Really, I have an open mind. I've just been involved in software development for quite some time and I think it's better for software to allow users more flexibility in how they chose to work. Having written software since I was 8 years old (and I'm 38 now), I have a pretty good understanding of what's possible and that you want to enable people to do what it is that they want to do without having to do very much to get there. If a fair amount of people want to keep track of where they are in a workflow process, they should be able to do that with 1 or two clicks, or a drag and drop. If tags are to be leveraged to accomplish this, the UI should support adding, removing and finding these tags in a faster and more well defined way than it does right now.
There's a lot of really good stuff in Calibre, so I don't think it's a question of whether or not the developer or developers have the ability to create such an interface. Obviously they do. It seems to be more of a design decision to funnel people to work one particular way, or an indifference to that type of functionality.
It wouldn't be very difficult to make workflow management much easier and quicker and still use tags if so desired.
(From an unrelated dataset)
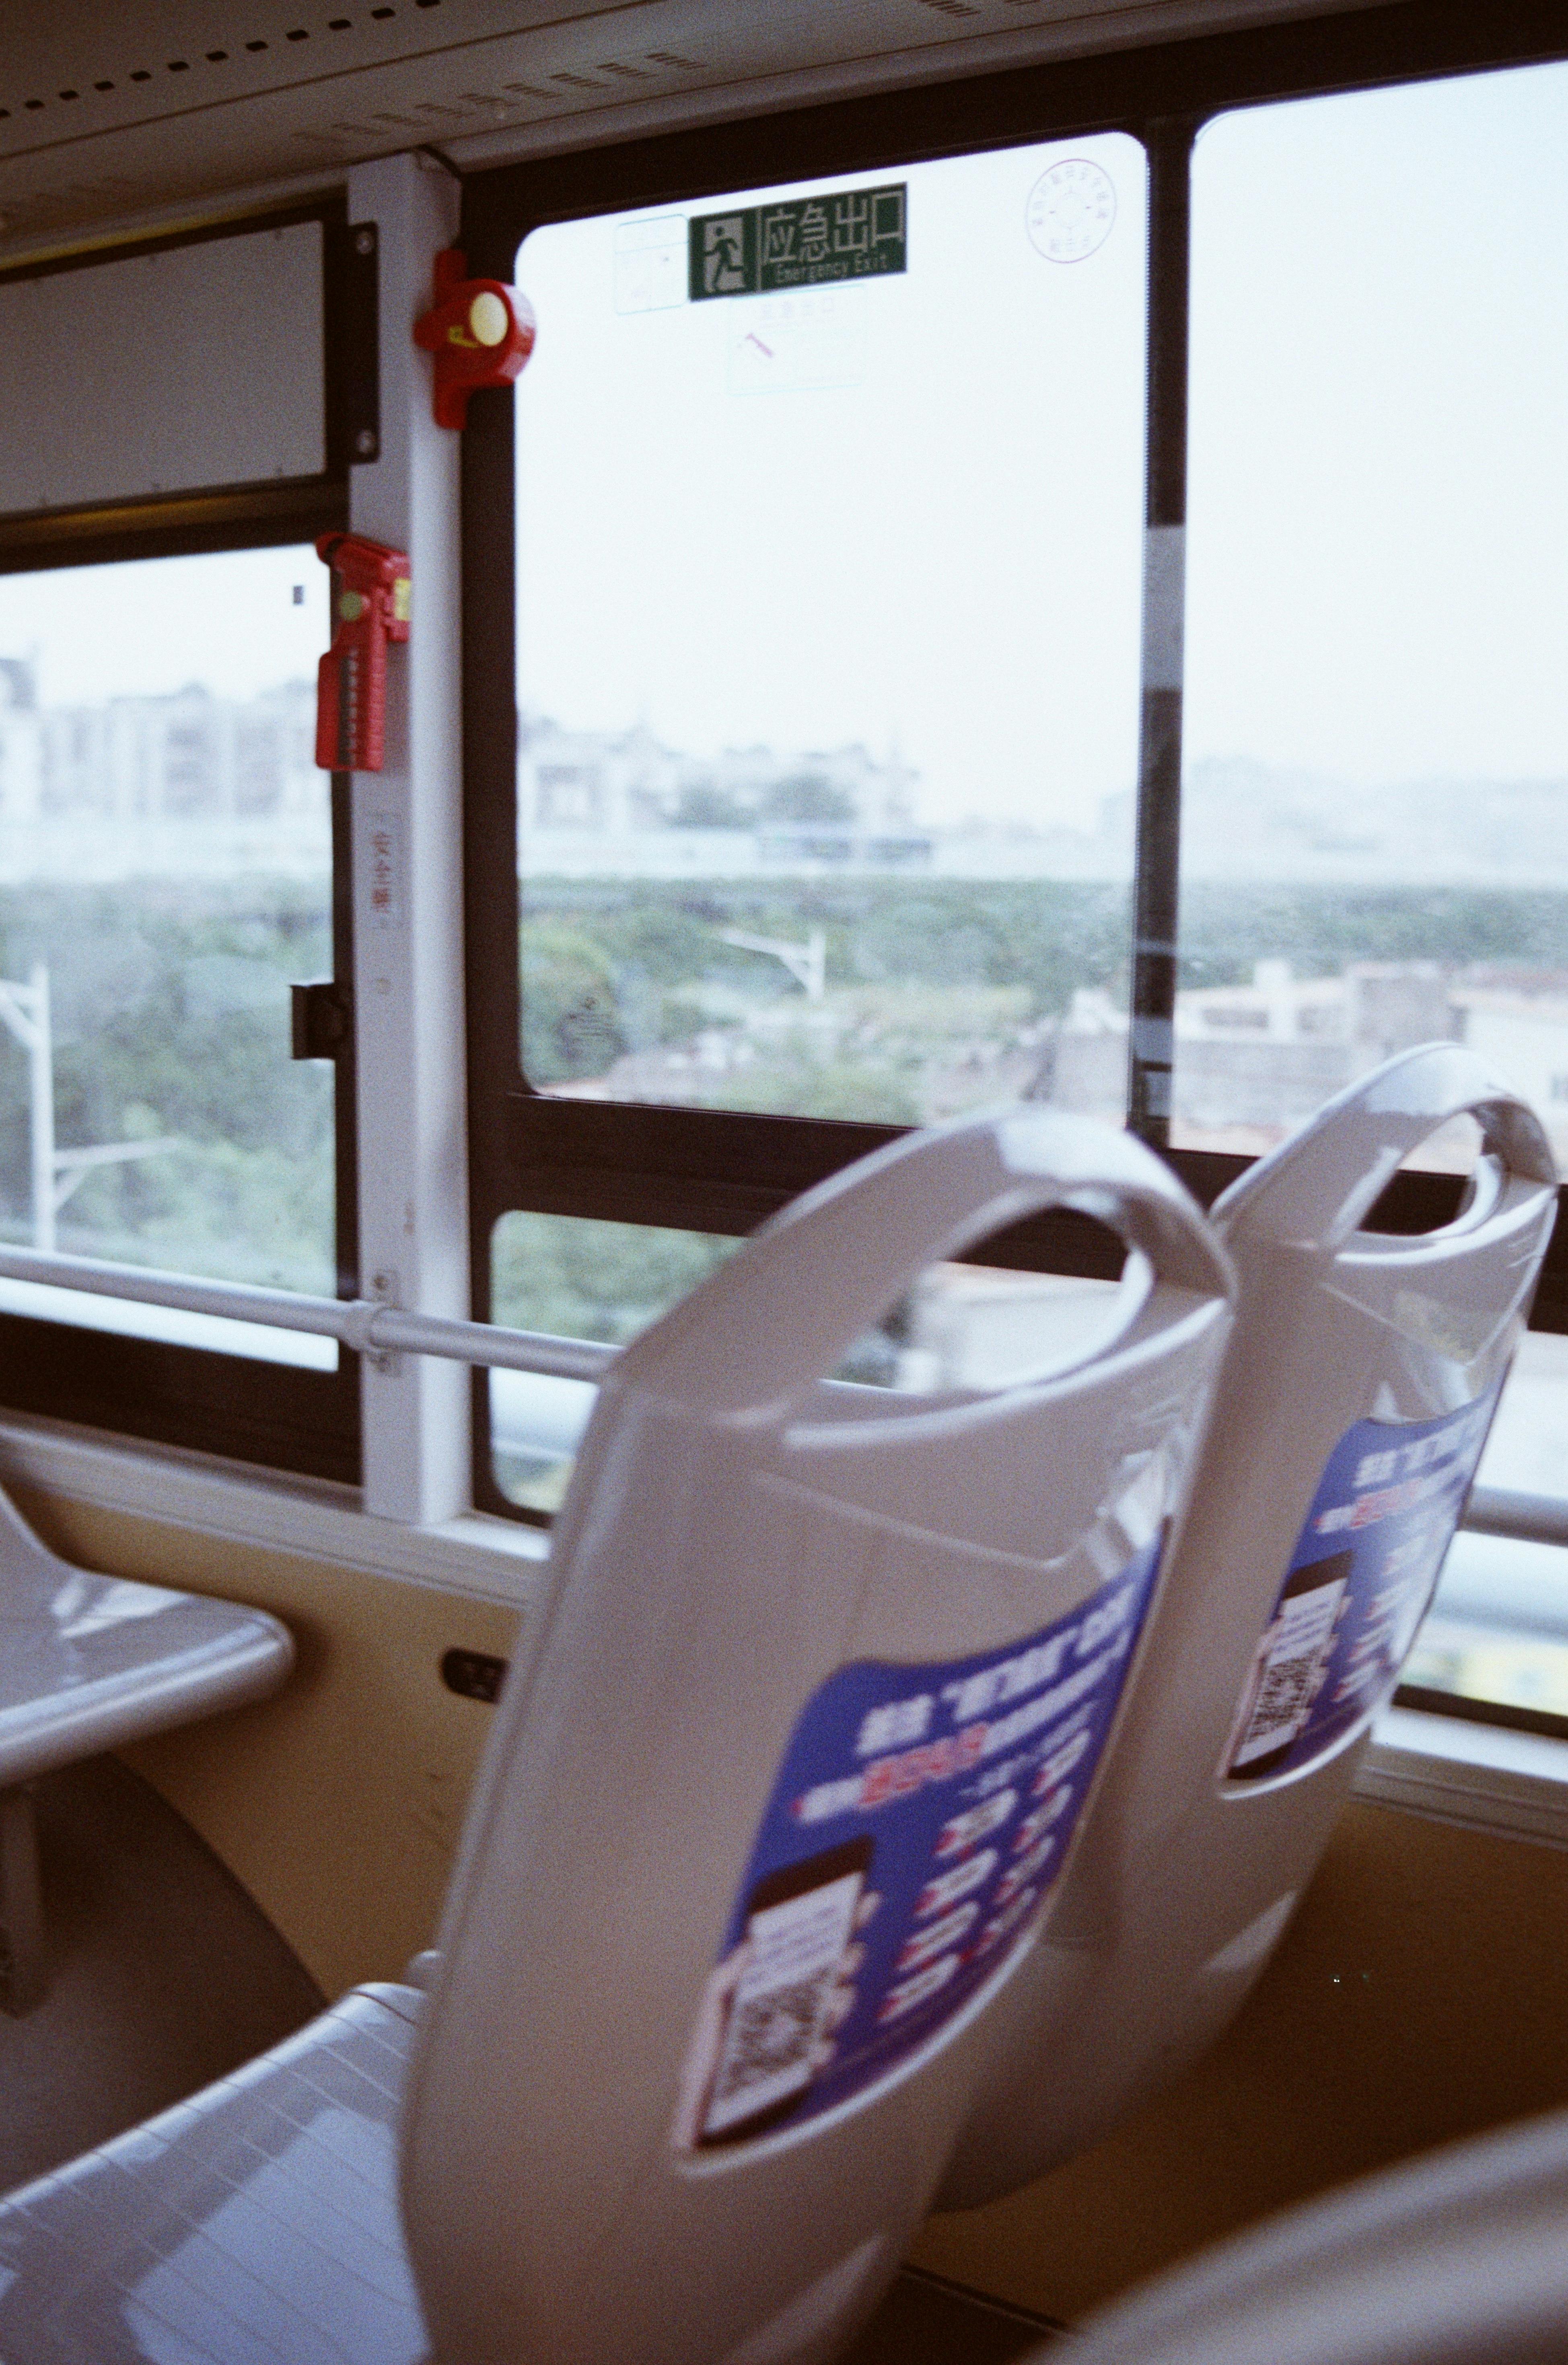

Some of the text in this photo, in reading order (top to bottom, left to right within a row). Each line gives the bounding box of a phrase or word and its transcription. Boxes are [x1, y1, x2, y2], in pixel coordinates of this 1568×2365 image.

Having read through a bunch of posts in this sub forum, the reoccurring theme seems to be that user after user gets told to change the way they think and work to adapt to how the application is written instead of others having an open mind to the possibility that maybe the application could be adapted to better fit people.
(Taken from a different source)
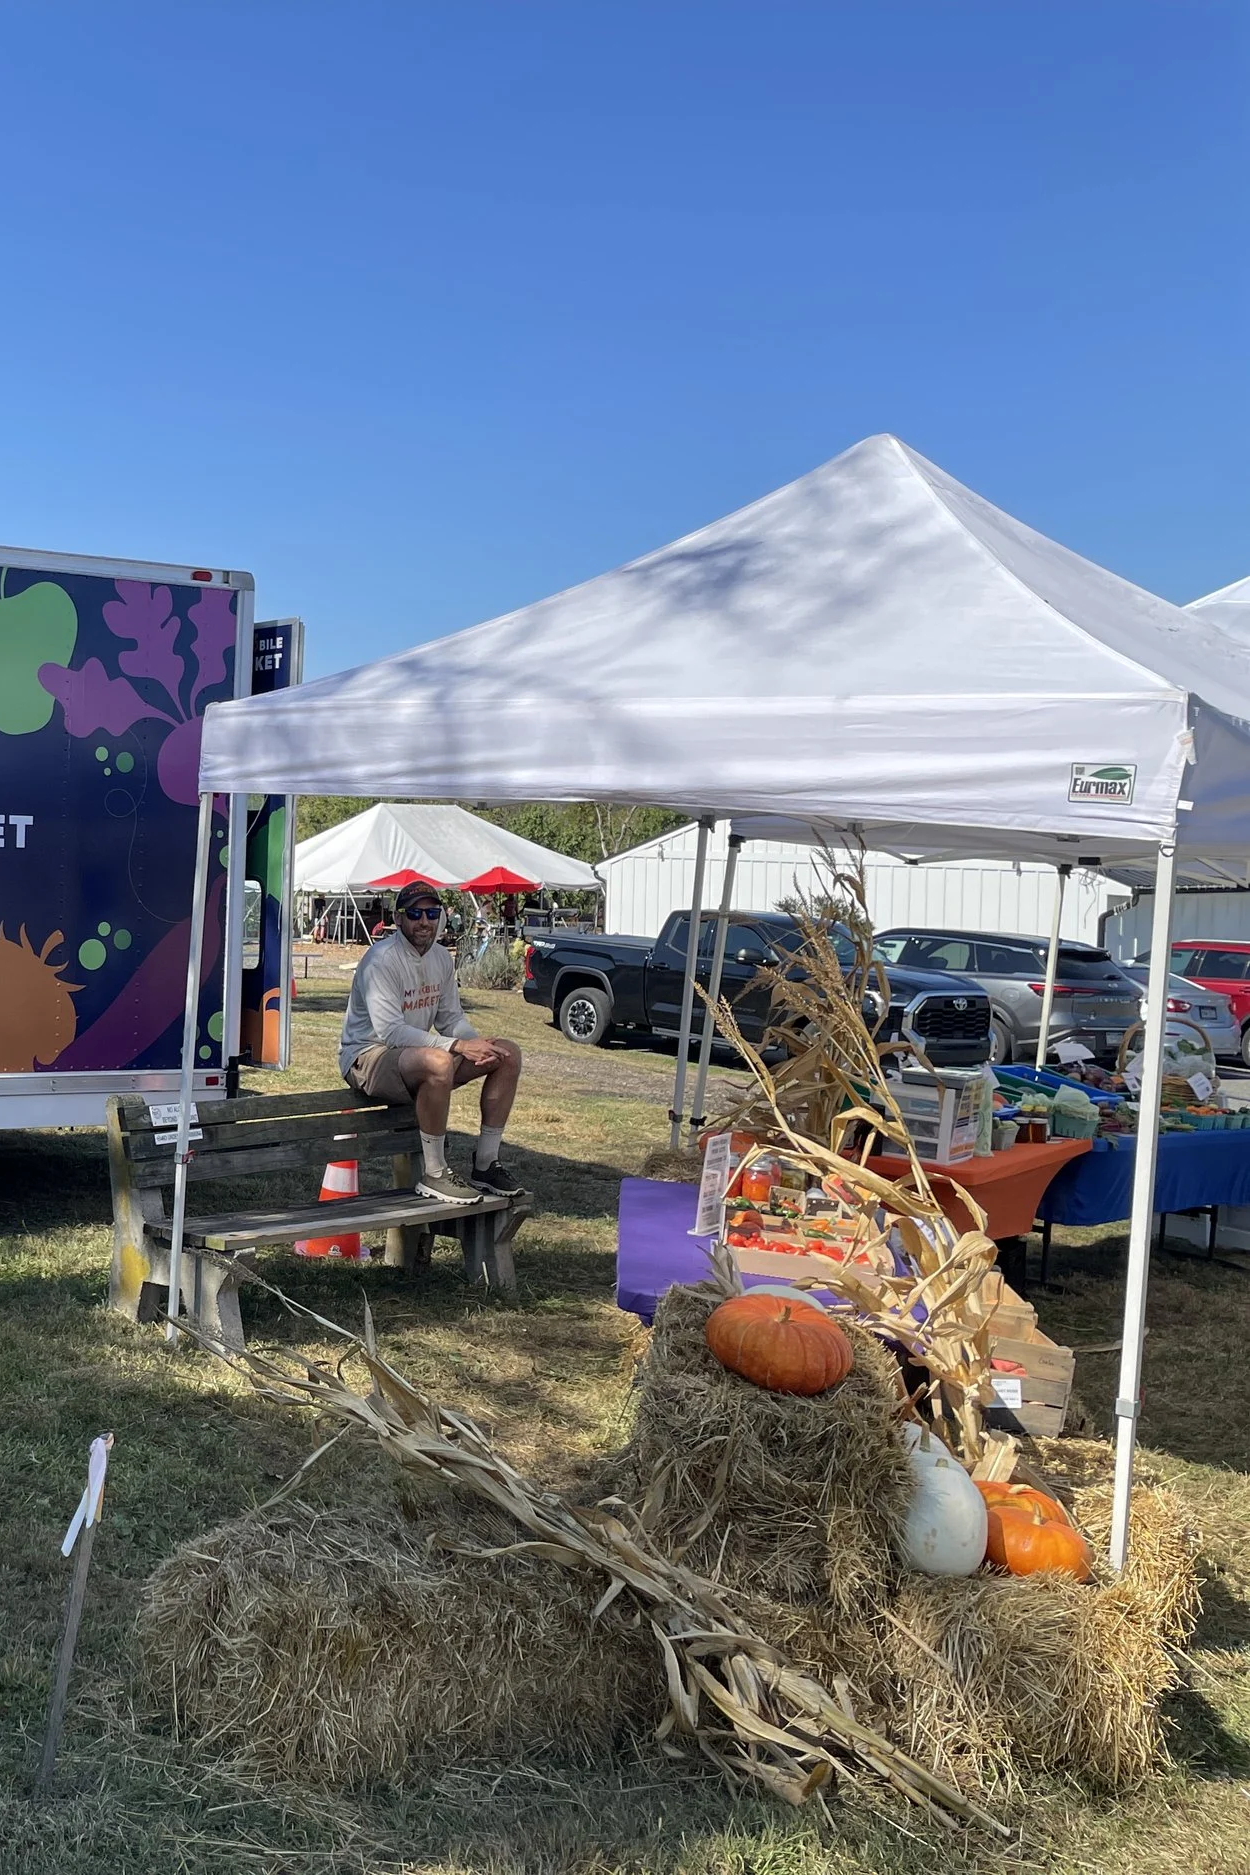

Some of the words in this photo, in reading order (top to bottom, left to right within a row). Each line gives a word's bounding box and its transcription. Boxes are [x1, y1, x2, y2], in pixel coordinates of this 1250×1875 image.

[1072, 777, 1127, 795] Eurmax
[404, 989, 415, 998] MY
[403, 995, 440, 1011] MARKET
Again, it's not a matter of "if" something can be done. It's a matter of how user friendly and intuitive it is. Right-mousing to select "Edit meta information" -> "Edit meta information individually" and then having to manually delete or type (which could be typo'd) a tag, or clicking another button that brings up a less error prone way to edit tags but will still take 3 or 4 more clicks is not something that seems very efficient. Sure, it associates information with the book that you can find later, but if it's something you're going to do regularly, shouldn't that be something that only takes 1 or 2 clicks? Then you have to manually type in a query string to filter on that information, or scroll through the tag list? Again, it accomplishes the goal but it's not something I'd consider user friendly.
There was another thread where a woman asked about sharing the same books with her husband but setting it up so that he had his own library and she had her own library. Tags were again given as the solution. No doubt you could use tags for that, but this isn't intuitive to people and it doesn't work the way most people think. The software could still leverage tags to accomplish this, but if the interface clearly identified people and what books were in each persons "library", this person would have been happier than anything. This also wouldn't take very much work.
I probably shouldn't have even written this so this will be my last comments on the subject.